Cameroun/ Littérature : Il plagie un événement et accuse  son infographe

Quelques heures après  la  publication, ce 30 janvier,  sur notre plateforme de l’article titré « Cameroun : L’institut français bénit un événement frauduleusement acquis »,  lequel article est relatif à l’affaire de falsification du concours Miss littérature, l’auteur du plagiat,  M.  Junior Haussin tente de se dédouaner et placarde sur son mur facebook un lapidaire communiqué qui annonce le changement de l’ intitulé de son événement.


« Après  des échanges constructifs  avec nos amis du Bénin, concernant le supposé plagiat de leur événement Miss littérature, moi Junior  Haussin, j’ai décidé de changer  le logo de mon événement ainsi  que le nom. Désormais, Miss littérature s’appelle Miss Cameroun Littérature », écrit –il, dans un élan de rassurer ses partenaires et potentielles candidates de  la tenue de l’événement.
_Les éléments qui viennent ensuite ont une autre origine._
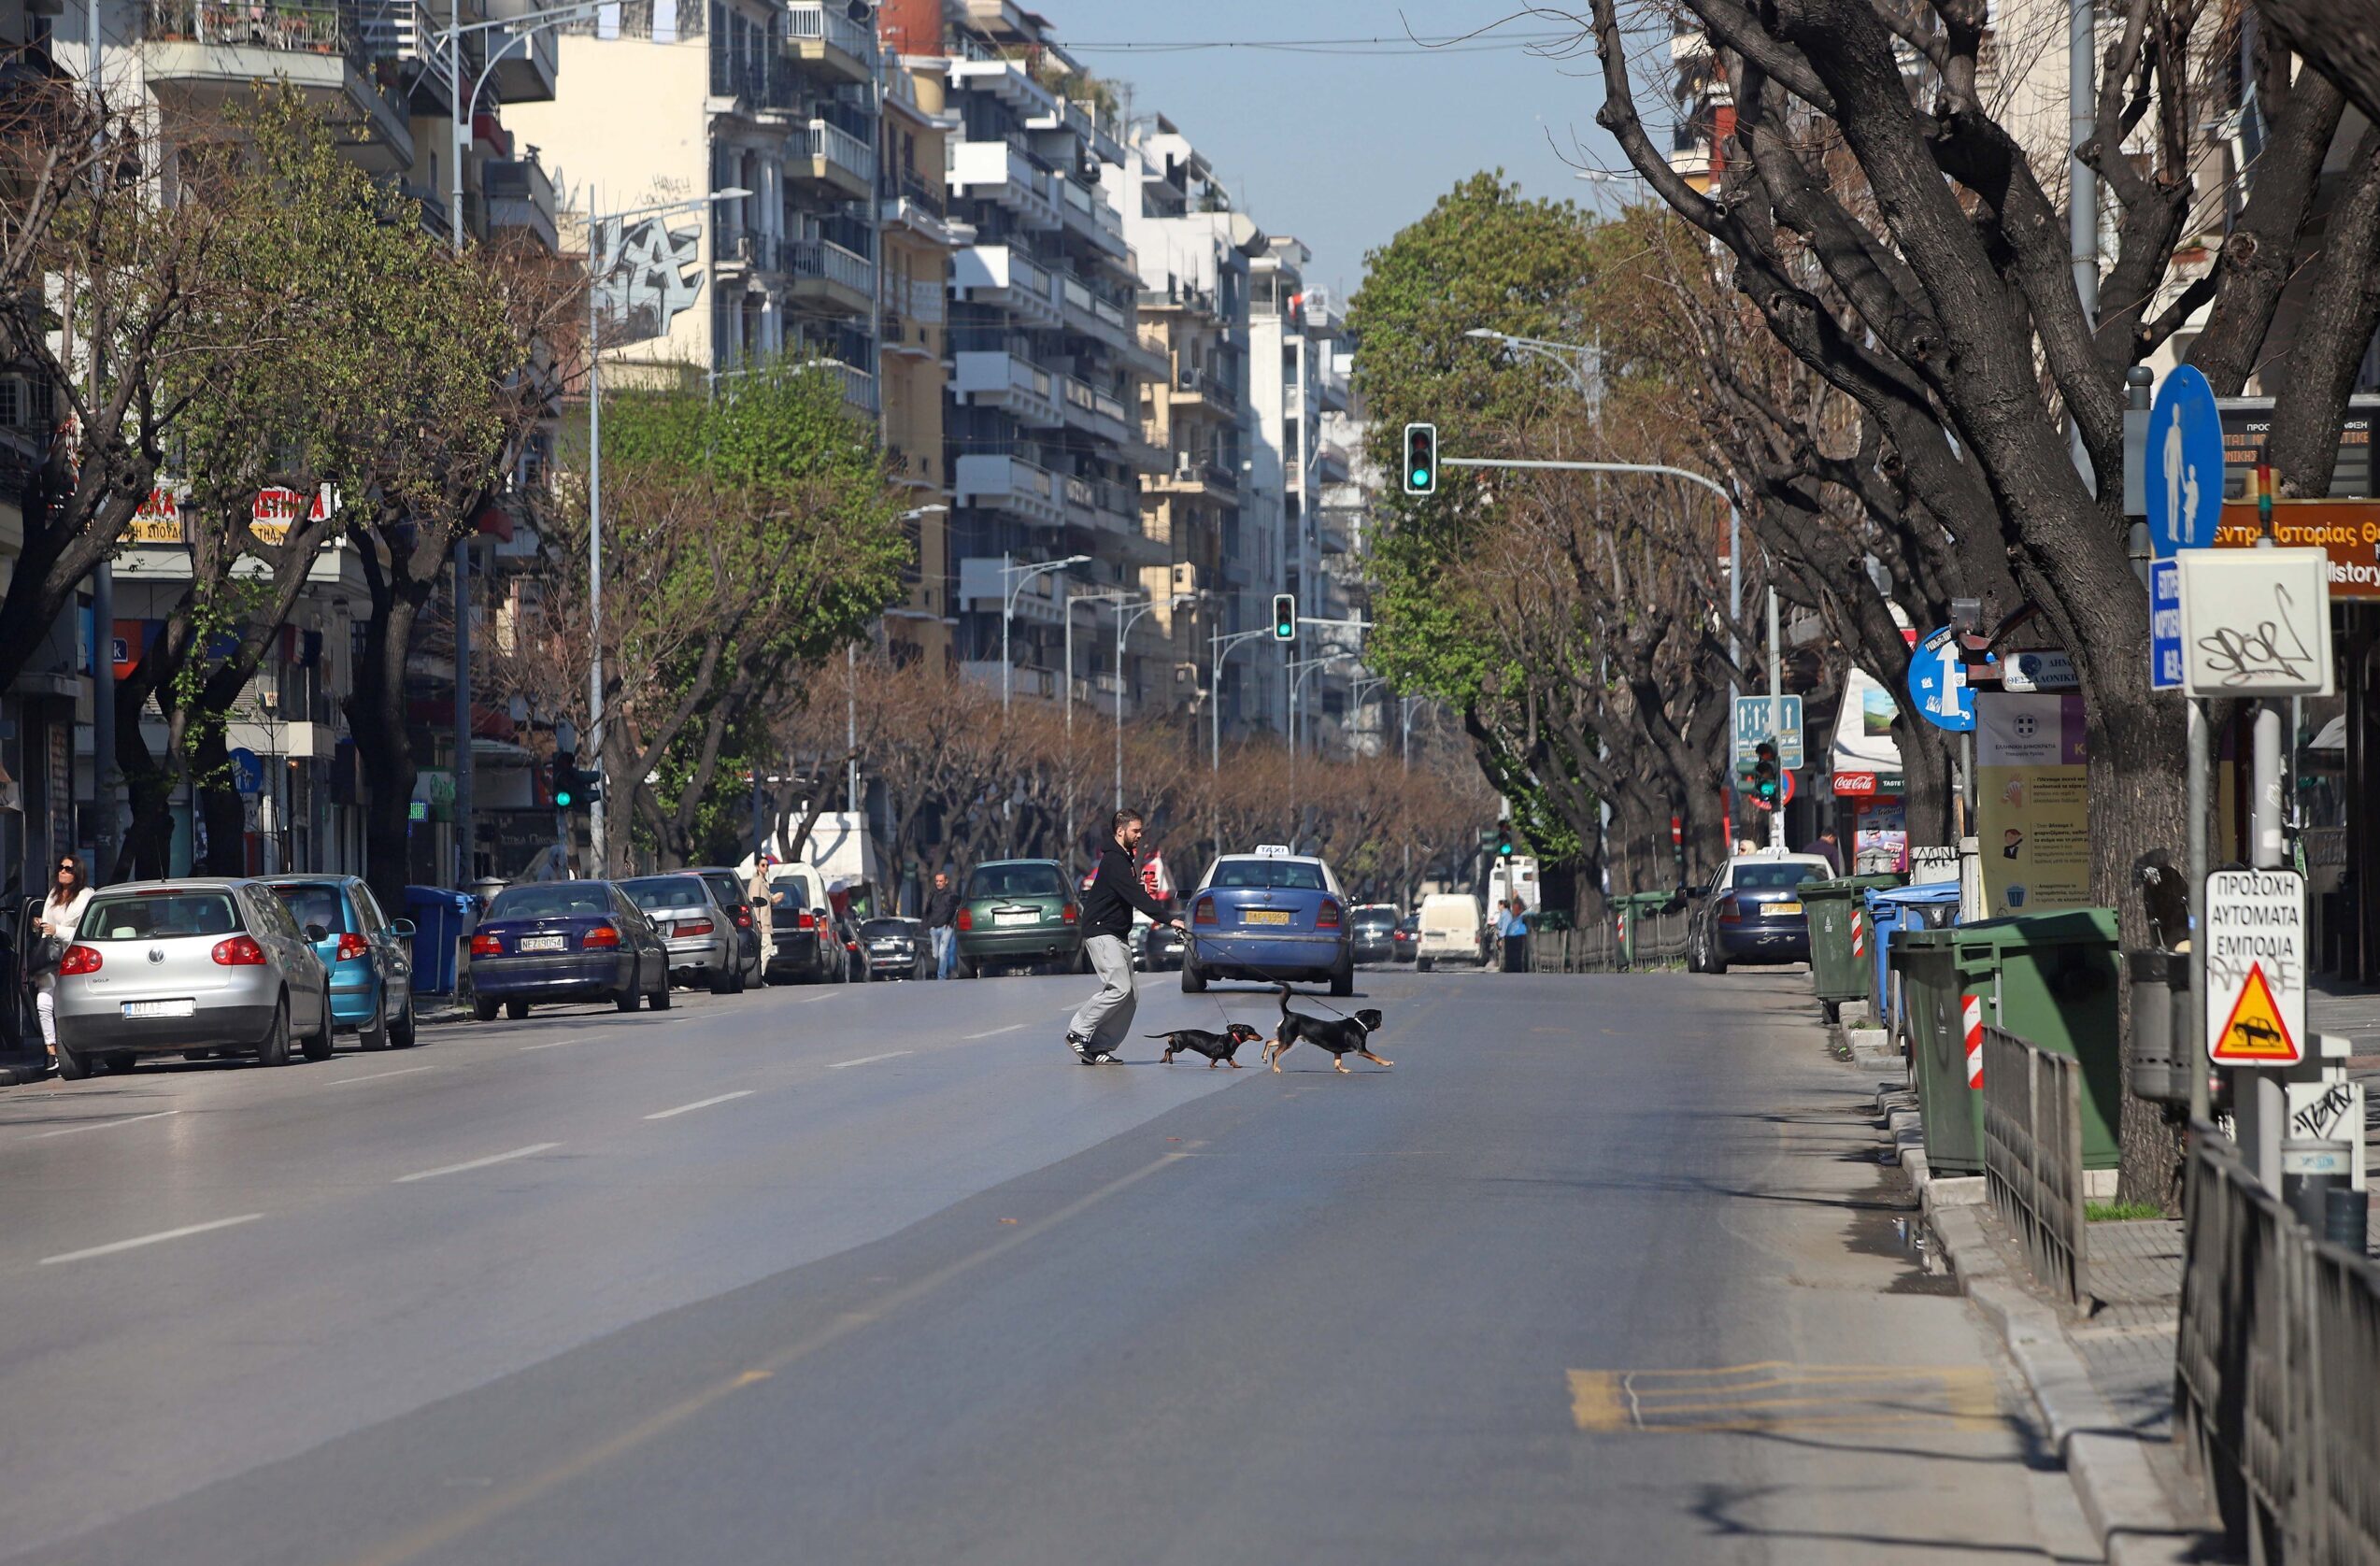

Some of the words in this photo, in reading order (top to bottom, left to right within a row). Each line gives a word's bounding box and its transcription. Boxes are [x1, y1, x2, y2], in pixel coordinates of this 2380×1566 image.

[2217, 876, 2295, 896] ΠΡΟΣΟΧΗ
[2212, 905, 2299, 926] ΑΥΤΟΜΑΤΑ
[2217, 936, 2294, 956] ΕΜΠΟΔΙΑ
Contactée,  l’Ecrivaine béninoise Carmen Toudonou,  fondatrice du concours sous- régional Miss littérature  a rejeté les propos du sieur Haussin.  « Nous n’avons eu aucun échange. Il m’a juste envoyé une invitation d’amis sur facebook et   m’a laissé un message sur whasapp. Il m’a parlé de prétendu plagiat et j’ai mis sur sa page facebook, malhonnêteté. C’est tout.», martèle, toute furieuse,  l’auteure  du roman  Presqu’une vie. Ainsi,  toute analyse faite, nous pouvons dire que le promoteur camerounais ne reconnaît pas avoir piraté l’initiative Miss littérature, portée, d’ailleurs sur les fonts baptismaux à Cotonou, il y a trois ans. Mais il semble tombé dans son propre piège.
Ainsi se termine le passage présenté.